Implementation is based on kernel hci_h5.c H5 protocol.
Simple usage:
To open virtual pts run:
$ sudo tools/btproxy -d --pty -3
Opening pseudoterminal
New pts created: /dev/pts/2
Opening user channel for hci0
Now attach to it using hciattach:
$ sudo hciattach -n /dev/pts/2 3wire
Device setup complete
---
tools/btproxy.c | 541 +++++++++++++++++++++++++++++++++++++++++++++++++++++++-
1 file changed, 535 insertions(+), 6 deletions(-)
diff --git a/tools/btproxy.c b/tools/btproxy.c
index 6d78876..c718e48 100644
--- a/tools/btproxy.c
+++ b/tools/btproxy.c
@@ -47,23 +47,22 @@
#include "src/shared/util.h"
#include "src/shared/mainloop.h"
#include "src/shared/ecc.h"
+#include "src/shared/queue.h"
+#include "lib/bluetooth.h"
+#include "lib/hci.h"
#include "monitor/bt.h"
#define HCI_BREDR 0x00
#define HCI_AMP 0x01
#define BTPROTO_HCI 1
-struct sockaddr_hci {
- sa_family_t hci_family;
- unsigned short hci_dev;
- unsigned short hci_channel;
-};
#define HCI_CHANNEL_USER 1
static uint16_t hci_index = 0;
static bool client_active = false;
static bool debug_enabled = false;
static bool emulate_ecc = false;
+static bool three_wire = false;
static void hexdump_print(const char *str, void *user_data)
{
@@ -287,6 +286,516 @@ static void host_read_destroy(void *user_data)
mainloop_remove_fd(proxy->dev_fd);
}
+/* three-wire (H5) packet processing */
+
+#define H5_ACK_TIMEOUT 250
+
+#define HCI_3WIRE_ACK_PKT 0
+#define HCI_3WIRE_LINK_PKT 15
+
+/*
+ * Maximum Three-wire packet:
+ * 4 byte header + max value for 12-bit length + 2 bytes for CRC
+ */
+#define H5_MAX_LEN (4 + 0xfff + 2)
+
+/* Sliding window size */
+#define H5_TX_WIN_MAX 4
+
+#define SLIP_DELIMITER 0xc0
+#define SLIP_ESC 0xdb
+#define SLIP_ESC_DELIM 0xdc
+#define SLIP_ESC_ESC 0xdd
+
+#define H5_RX_ESC 1
+
+#define H5_HDR_SEQ(hdr) ((hdr)[0] & 0x07)

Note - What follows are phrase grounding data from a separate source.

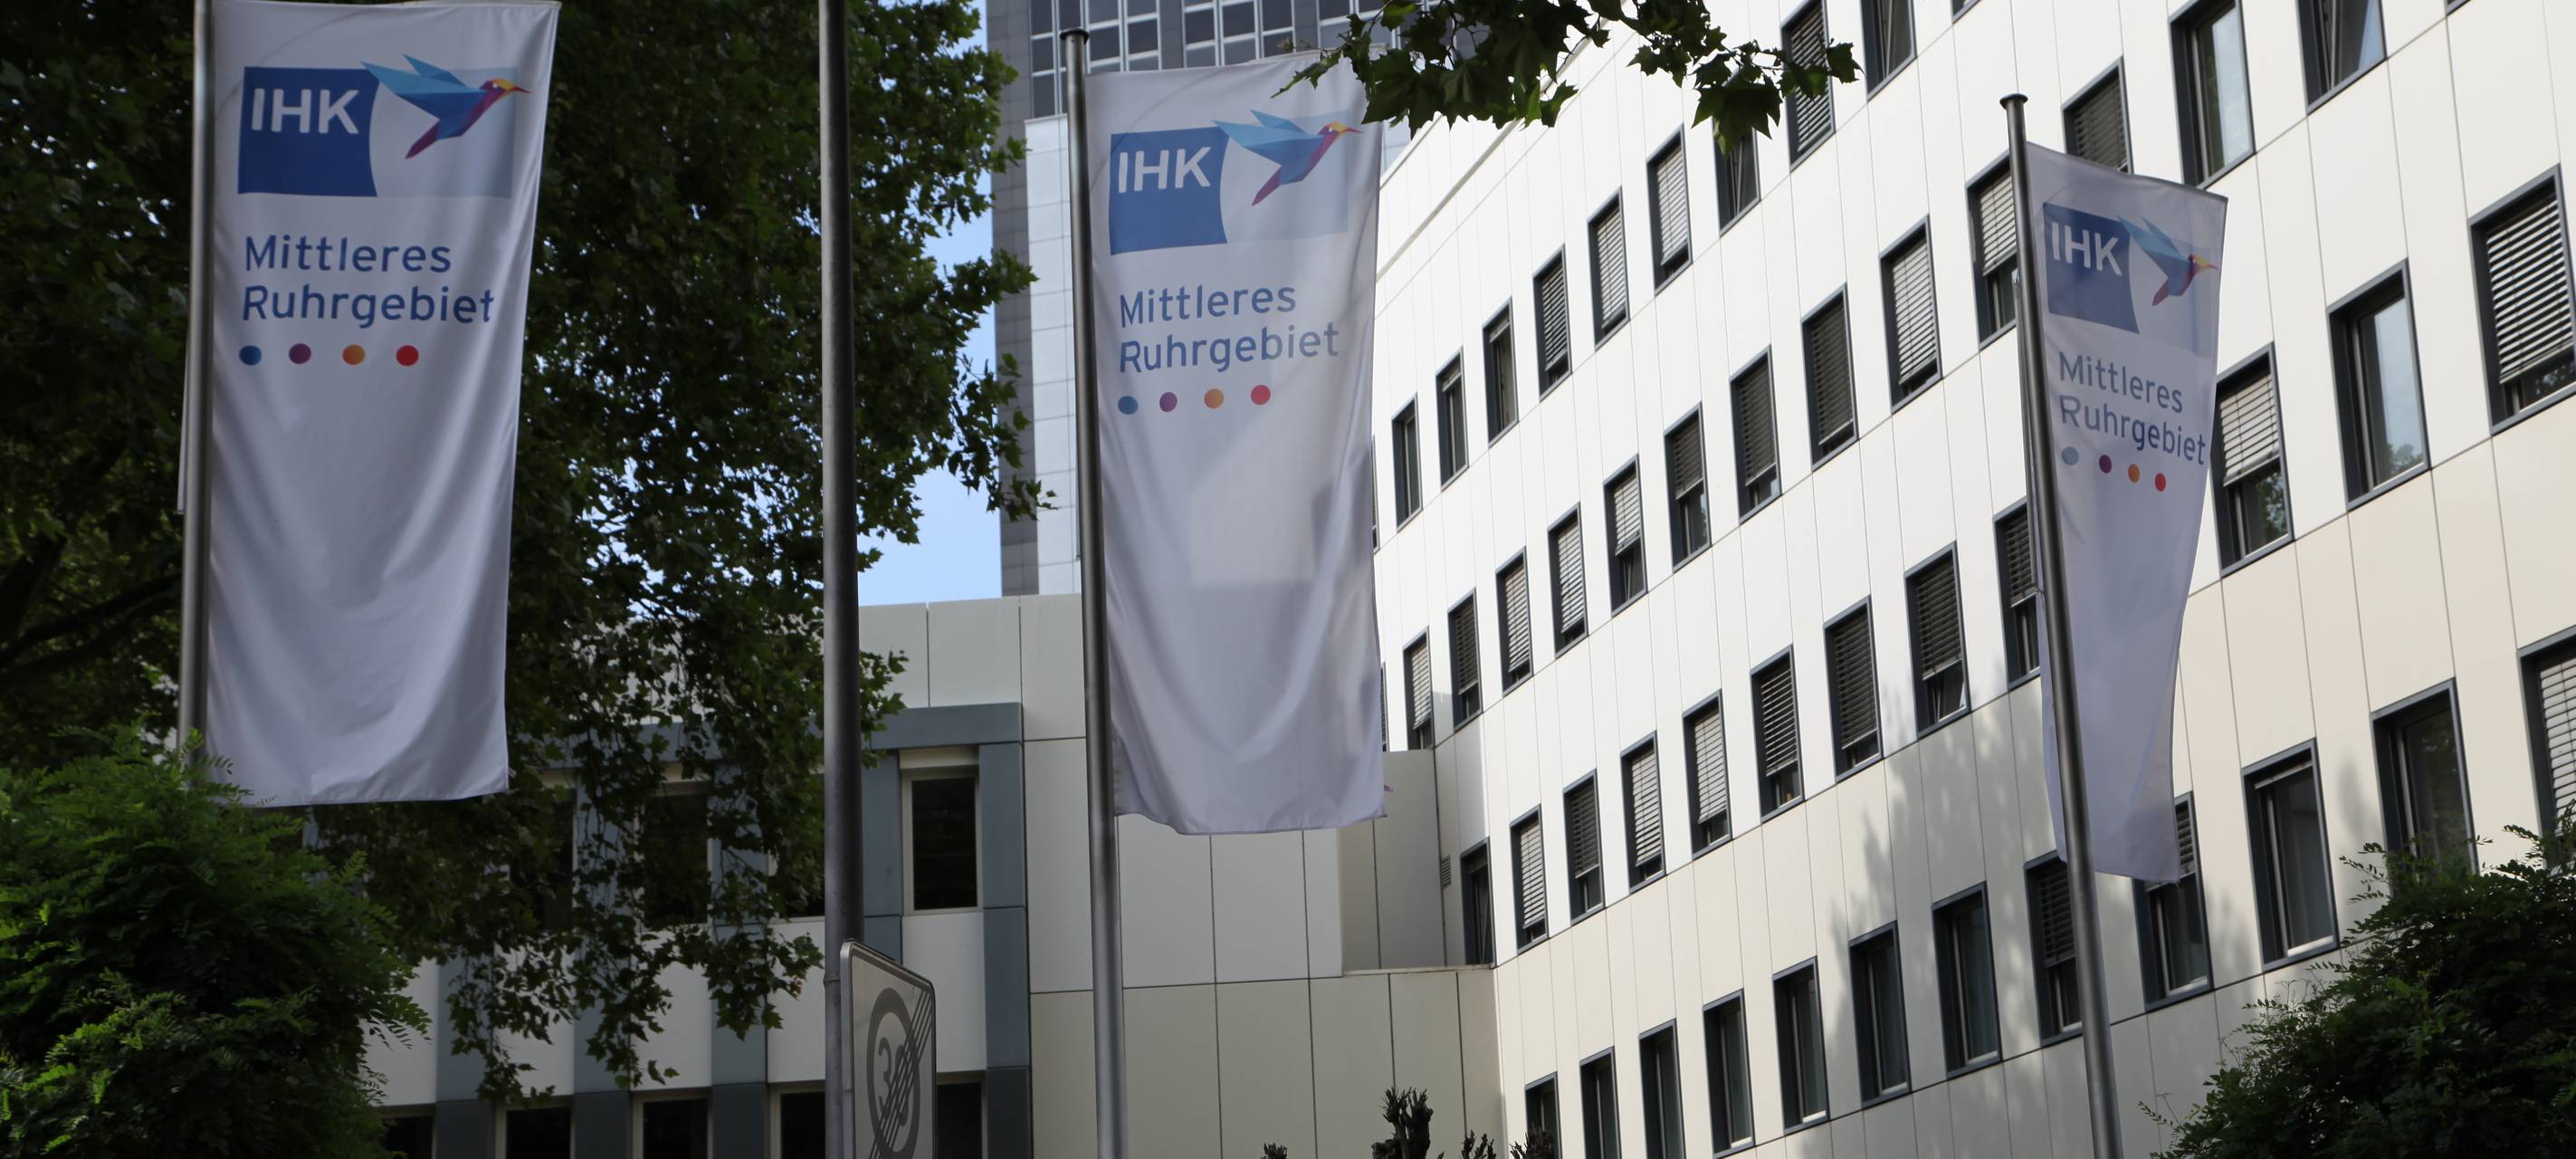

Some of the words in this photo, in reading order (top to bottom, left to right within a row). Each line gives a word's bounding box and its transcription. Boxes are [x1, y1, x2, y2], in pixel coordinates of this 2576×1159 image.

[251, 88, 359, 135] IHK
[1118, 146, 1211, 194] IHK
[244, 235, 452, 273] Mittleres
[2051, 221, 2123, 276] IHK
[242, 283, 495, 329] Ruhrgebiet
[1119, 284, 1297, 329] Mittleres
[1119, 321, 1340, 374] Ruhrgebiet
[2058, 350, 2183, 413] Mittleres
[2058, 394, 2206, 466] Ruhrgebiet

+#define H5_HDR_ACK(hdr) (((hdr)[0] >> 3) & 0x07)
+#define H5_HDR_CRC(hdr) (((hdr)[0] >> 6) & 0x01)
+#define H5_HDR_RELIABLE(hdr) (((hdr)[0] >> 7) & 0x01)
+#define H5_HDR_PKT_TYPE(hdr) ((hdr)[1] & 0x0f)
+#define H5_HDR_LEN(hdr) ((((hdr)[1] >> 4) & 0x0f) + ((hdr)[2] << 4))
+
+#define H5_SET_SEQ(hdr, seq) ((hdr)[0] |= (seq))
+#define H5_SET_ACK(hdr, ack) ((hdr)[0] |= (ack) << 3)
+#define H5_SET_RELIABLE(hdr) ((hdr)[0] |= 1 << 7)
+#define H5_SET_TYPE(hdr, type) ((hdr)[1] |= type)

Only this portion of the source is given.